#### WHAT TO PRODUCE
Nothing but the lines from the one containing "this 1763×997 image." to the end of the material should be returned, each exactly as written.

+++++

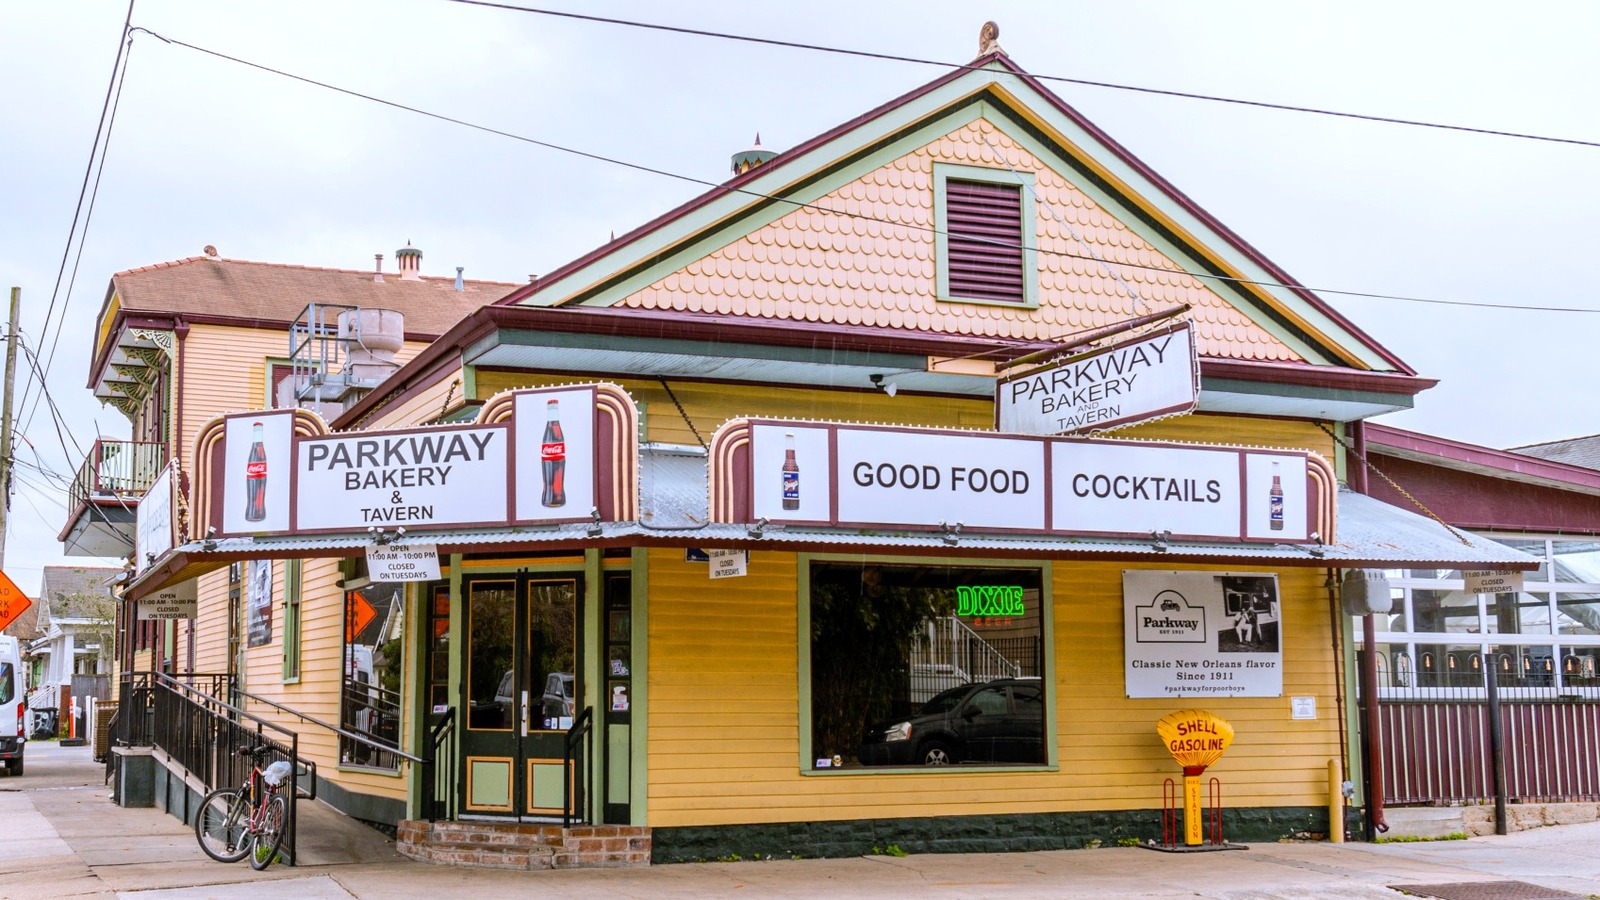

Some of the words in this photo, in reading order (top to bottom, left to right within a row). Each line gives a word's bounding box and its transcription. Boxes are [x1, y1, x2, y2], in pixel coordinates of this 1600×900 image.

[1012, 337, 1172, 404] PARKWAY
[1042, 374, 1138, 414] BAKERY
[1077, 401, 1099, 412] AND
[1057, 404, 1121, 430] TAVERN
[308, 432, 494, 472] PARKWAY
[345, 466, 452, 490] BAKERY
[853, 461, 940, 490] GOOD
[951, 467, 1030, 495] FOOD
[1072, 473, 1221, 503] COCKTAILS
[391, 490, 403, 504] &
[361, 505, 434, 522] TAVERN
[403, 552, 423, 560] 10:00
[391, 571, 428, 579] TUESDAYS
[1481, 578, 1504, 586] CLOSED
[956, 585, 1025, 616] DIXIE
[974, 617, 1012, 627] BEER
[1143, 616, 1198, 631] Parkway
[1132, 660, 1171, 668] Classic
[1175, 660, 1198, 668] New
[1202, 660, 1242, 668] Orleans
[1246, 660, 1276, 668] flavor
[1176, 672, 1206, 680] Since
[1210, 672, 1234, 680] 1911
[1164, 685, 1246, 693] #parkwayforpoorboys
[1177, 719, 1218, 736] SHELL
[1170, 738, 1224, 752] GASOLINE
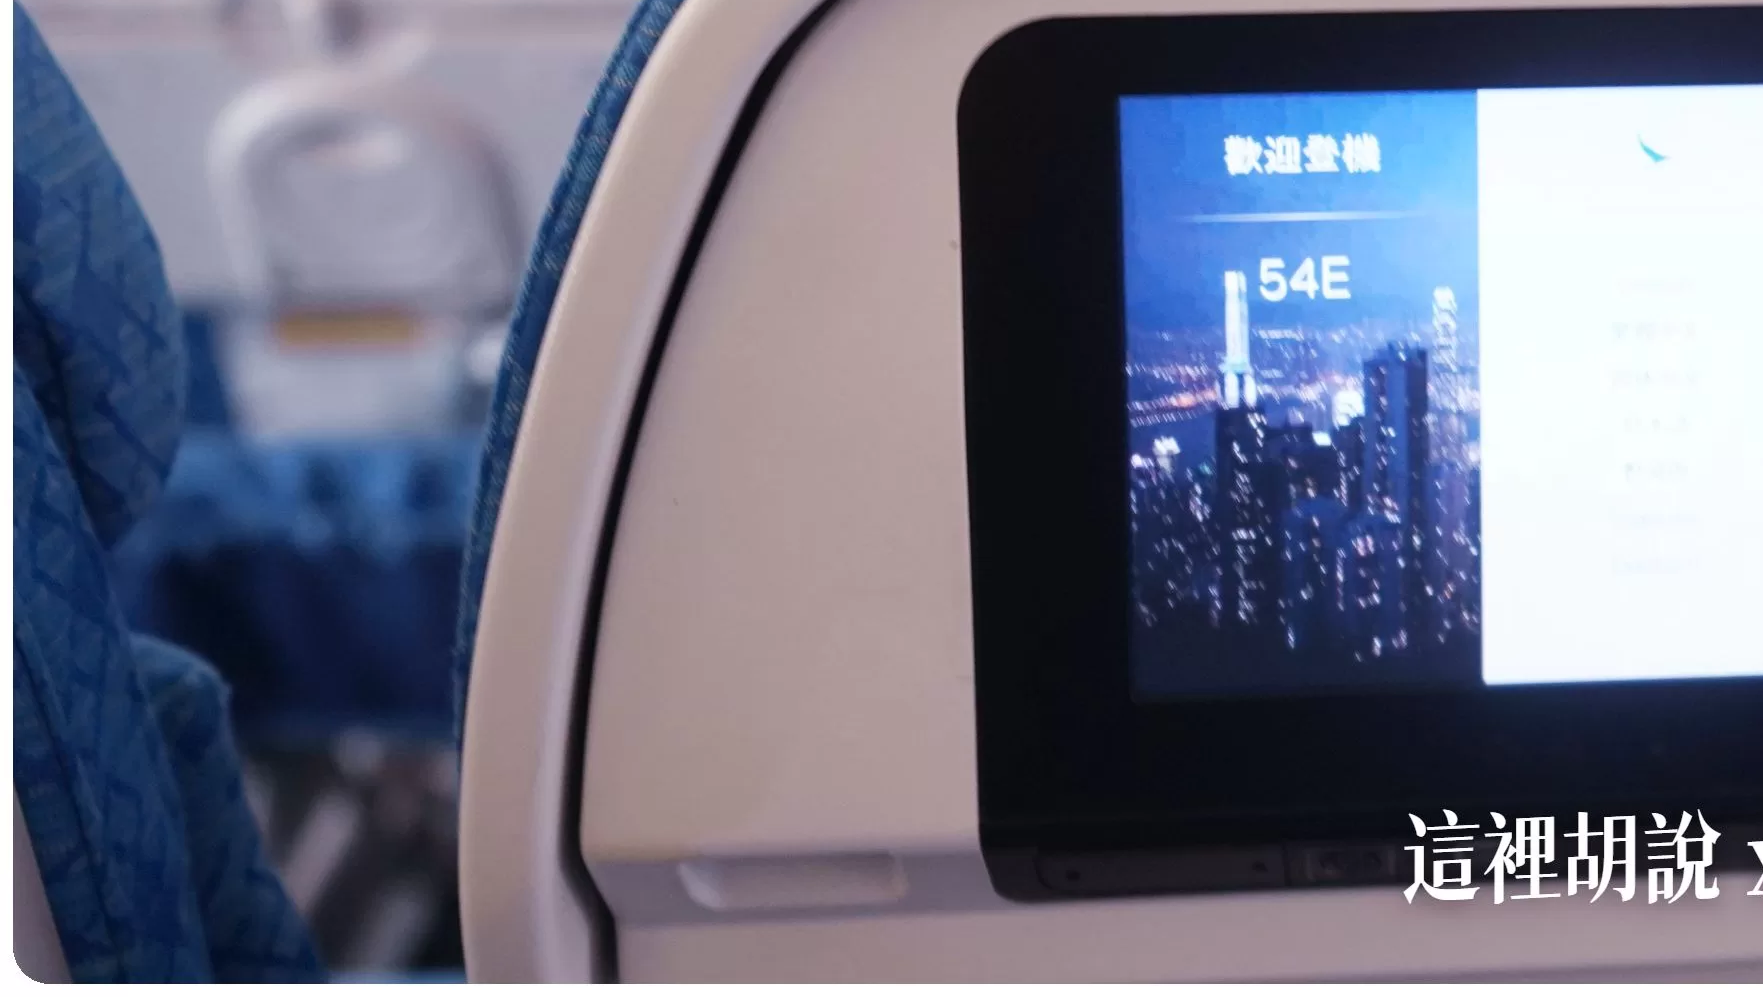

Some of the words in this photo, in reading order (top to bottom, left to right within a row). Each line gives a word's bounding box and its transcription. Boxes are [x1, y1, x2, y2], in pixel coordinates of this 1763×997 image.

[1223, 133, 1382, 176] 歡迎登機
[1258, 255, 1352, 302] 54E

+++++

#### ANSWER FOR THE TASK
Some of the words in this photo, in reading order (top to bottom, left to right within a row). Each line gives a word's bounding box and its transcription. Boxes are [x1, y1, x2, y2], in pixel coordinates of this 1763×997 image.

[1223, 133, 1382, 176] 歡迎登機
[1258, 255, 1352, 302] 54E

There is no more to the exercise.